At American Craft Council show, artist makes nature fashionable


Event preview

American Craft Council Atlanta Show

10 a.m. to 8 p.m. Friday, 10 a.m. to 6 p.m. Saturday, 11 a.m. to 5 p.m. Sunday. $13, $20 three-day pass, free under 12. Preview party, 6-9 p.m. Thursday, $75 advance, $85 door. Cobb Galleria Centre, 2 Cobb Galleria Parkway, Atlanta. 770-955-8000, craftcouncil.org/atlanta.

The crafts show is extending complimentary entry (same day only) to ticket holders of the Southeastern Flower Show (www.sehort.org), also at Cobb Galleria Centre. Crafts show ticket holders get $5 off flower show admission.

Spring is about to spring up all over Atlanta, but at no place more so than this weekend at Cobb Galleria Centre. That is where the American Craft Council Atlanta Show and the Southeastern Flower Show, independent annual events joined this year by happenstance, are setting up shop.

One would expect the flower show to be fertile with pollen producers, but the crafts show’s more than 225 booths also will boast all sorts of works depicting nature in general and flowers in particular.

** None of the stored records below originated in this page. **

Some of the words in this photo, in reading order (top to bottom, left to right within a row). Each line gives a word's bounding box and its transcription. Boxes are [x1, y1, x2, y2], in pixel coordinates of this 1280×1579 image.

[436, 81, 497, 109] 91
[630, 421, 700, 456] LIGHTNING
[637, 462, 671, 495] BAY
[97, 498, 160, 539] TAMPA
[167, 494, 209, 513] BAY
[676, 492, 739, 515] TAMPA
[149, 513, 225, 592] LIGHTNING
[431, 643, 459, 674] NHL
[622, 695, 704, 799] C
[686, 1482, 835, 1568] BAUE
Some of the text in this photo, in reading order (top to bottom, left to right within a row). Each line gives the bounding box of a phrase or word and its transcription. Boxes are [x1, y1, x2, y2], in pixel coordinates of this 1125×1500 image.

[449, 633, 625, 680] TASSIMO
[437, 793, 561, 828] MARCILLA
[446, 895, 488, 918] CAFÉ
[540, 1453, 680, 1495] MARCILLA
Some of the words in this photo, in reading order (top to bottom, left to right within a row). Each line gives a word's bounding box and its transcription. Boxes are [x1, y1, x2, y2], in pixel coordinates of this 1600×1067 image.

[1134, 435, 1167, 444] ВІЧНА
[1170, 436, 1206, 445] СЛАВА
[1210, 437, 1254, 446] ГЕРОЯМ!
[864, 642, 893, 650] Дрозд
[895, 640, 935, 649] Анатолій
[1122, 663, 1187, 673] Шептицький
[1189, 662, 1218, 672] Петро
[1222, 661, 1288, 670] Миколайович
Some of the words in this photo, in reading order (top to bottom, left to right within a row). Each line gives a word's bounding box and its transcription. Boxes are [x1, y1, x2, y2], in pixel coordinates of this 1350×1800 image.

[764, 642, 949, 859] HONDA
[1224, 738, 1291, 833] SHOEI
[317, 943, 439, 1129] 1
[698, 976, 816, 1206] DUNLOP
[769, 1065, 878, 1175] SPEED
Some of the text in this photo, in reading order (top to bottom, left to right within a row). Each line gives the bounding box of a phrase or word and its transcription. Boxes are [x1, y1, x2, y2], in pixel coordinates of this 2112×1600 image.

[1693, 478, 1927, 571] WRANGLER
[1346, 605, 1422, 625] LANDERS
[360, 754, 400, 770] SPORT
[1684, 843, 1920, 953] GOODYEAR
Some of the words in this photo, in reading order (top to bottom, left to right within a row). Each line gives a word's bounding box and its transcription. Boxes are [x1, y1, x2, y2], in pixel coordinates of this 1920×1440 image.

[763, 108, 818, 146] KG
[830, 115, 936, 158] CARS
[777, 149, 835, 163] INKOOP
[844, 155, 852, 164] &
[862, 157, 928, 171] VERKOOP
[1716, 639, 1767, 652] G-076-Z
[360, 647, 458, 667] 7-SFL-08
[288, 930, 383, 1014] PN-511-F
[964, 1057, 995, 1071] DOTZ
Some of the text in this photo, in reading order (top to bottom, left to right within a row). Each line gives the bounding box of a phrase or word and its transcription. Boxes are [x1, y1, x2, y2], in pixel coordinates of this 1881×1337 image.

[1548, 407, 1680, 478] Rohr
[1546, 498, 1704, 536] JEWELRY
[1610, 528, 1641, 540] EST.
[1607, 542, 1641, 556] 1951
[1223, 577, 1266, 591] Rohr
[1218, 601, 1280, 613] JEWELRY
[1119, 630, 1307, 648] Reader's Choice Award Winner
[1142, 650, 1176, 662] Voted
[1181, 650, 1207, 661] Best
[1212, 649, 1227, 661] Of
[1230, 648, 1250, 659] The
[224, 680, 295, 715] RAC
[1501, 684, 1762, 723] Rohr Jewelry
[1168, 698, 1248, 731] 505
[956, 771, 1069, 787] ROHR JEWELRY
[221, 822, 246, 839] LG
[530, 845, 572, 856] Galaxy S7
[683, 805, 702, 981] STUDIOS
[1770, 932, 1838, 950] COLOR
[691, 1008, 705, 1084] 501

Artists and craftspeople have derived inspiration from the natural world for eons. But in recent years, those exhibiting at the American Craft Council’s four national shows have significantly increased their use of nature imagery, whether in weavings, ceramics, floor cloths, clothing wind chimes, silk embroidery or other media.

ACC spokeswoman Pamela Diamond believes artists are returning to forms from nature in response to the difficulty of the recession years, and as part of a societal trend placing value on matters more organic, such as locally made soaps or farm-to-table cooking.

“Nature is a muse for artists, no doubt,” Diamond said. “We’re getting farther and farther away from it, and artists are … trying to make us aware of where our roots are.”

One American Craft Council artist whose works strongly reflect her embrace of nature is Gabriele Beyer, who lives in the Okanogan Highlands, a remote mountainous area of northeastern Washington state just south of Canada.

Her home and studio are set on a gravel road at an elevation of 3,400 feet. The closest stop for groceries and supplies is more than a half-hour’s drive down in a valley. The closest city, Spokane, is four hours east.

Living amid mountain vistas and woods of firs, aspens, tamaracks and other majestic trees, nature is not just a, but the, fact of life.

Beyer’s collections of hand-dyed silk neckties, bow ties and scarves resonate with nature imagery, be it representational or abstract. So do her paintings on silk that she will show in her first ACC Atlanta Show appearance. In richly saturated hues, she depicts daisies, shorelines, pomegranates, planets, beehives, seagrass, even rain.

“Nature is where I always wanted to be,” said the artist, 44. “I live quite outdoors, in a little (one room with a loft) cabin, over a wood-fire stove. So my life is very physical, involving all the things that come with this lifestyle — (hauling) firewood, fallen trees.”

Beyer wasn’t born into this lofty life. Quite the opposite. She grew up in East Berlin, which she recalled as “quite an ugly and oppressive place.”

“I was rebellious and wanted out of there,” she continued. “I found out that it was actually the ugliness that made me rebel. In my mind, I imagined beautiful places, things of nature.”

Before the wall came down, Beyer was able to move to West Berlin, then lived in Ireland and London. She attended college in Canada, where she immigrated. There, in 2001, she met her husband-to-be, Michael Murphy, who was building a line of hand-dyed silk ties.

Murphy brought her to his home in the Okanogan Highlands, and they worked together — him on his ties, her on a line of hand-painted silk scarves she created — for nearly a decade. At their zenith, Murphyties ties and scarves were carried in more than 100 galleries and museum shops.

Then in 2008, Murphy was diagnosed with cancer, and she cared for him for two years before he died.

“My husband’s passing was very, very traumatic,” Beyer said in her still-thick German accent. “We were real soul mates. I had done two years of intensive care for him, and all of the sudden, there was an extreme void. So I put my sadness and my energy into my creative work. I guess when you feel pain, then all of the sudden your creativity is limitless.”

Certain that her late husband is watching over her, she has since produced three collections of scarves ($109 each) and ties ($99). (Her paintings range $600-$3,700.)

Beyer said she is surrounded by inspiration for new creations on daily bike rides and hikes. She records some of it with her camera and some in her memory, all of it grist for her tie and scarf designs as well as the loosely executed silk paintings and, more recently, more representational landscapes executed with oil pastels on linen.

“It’s tremendously beautiful,” the artist said of her adopted home. “I just need to do something with it.”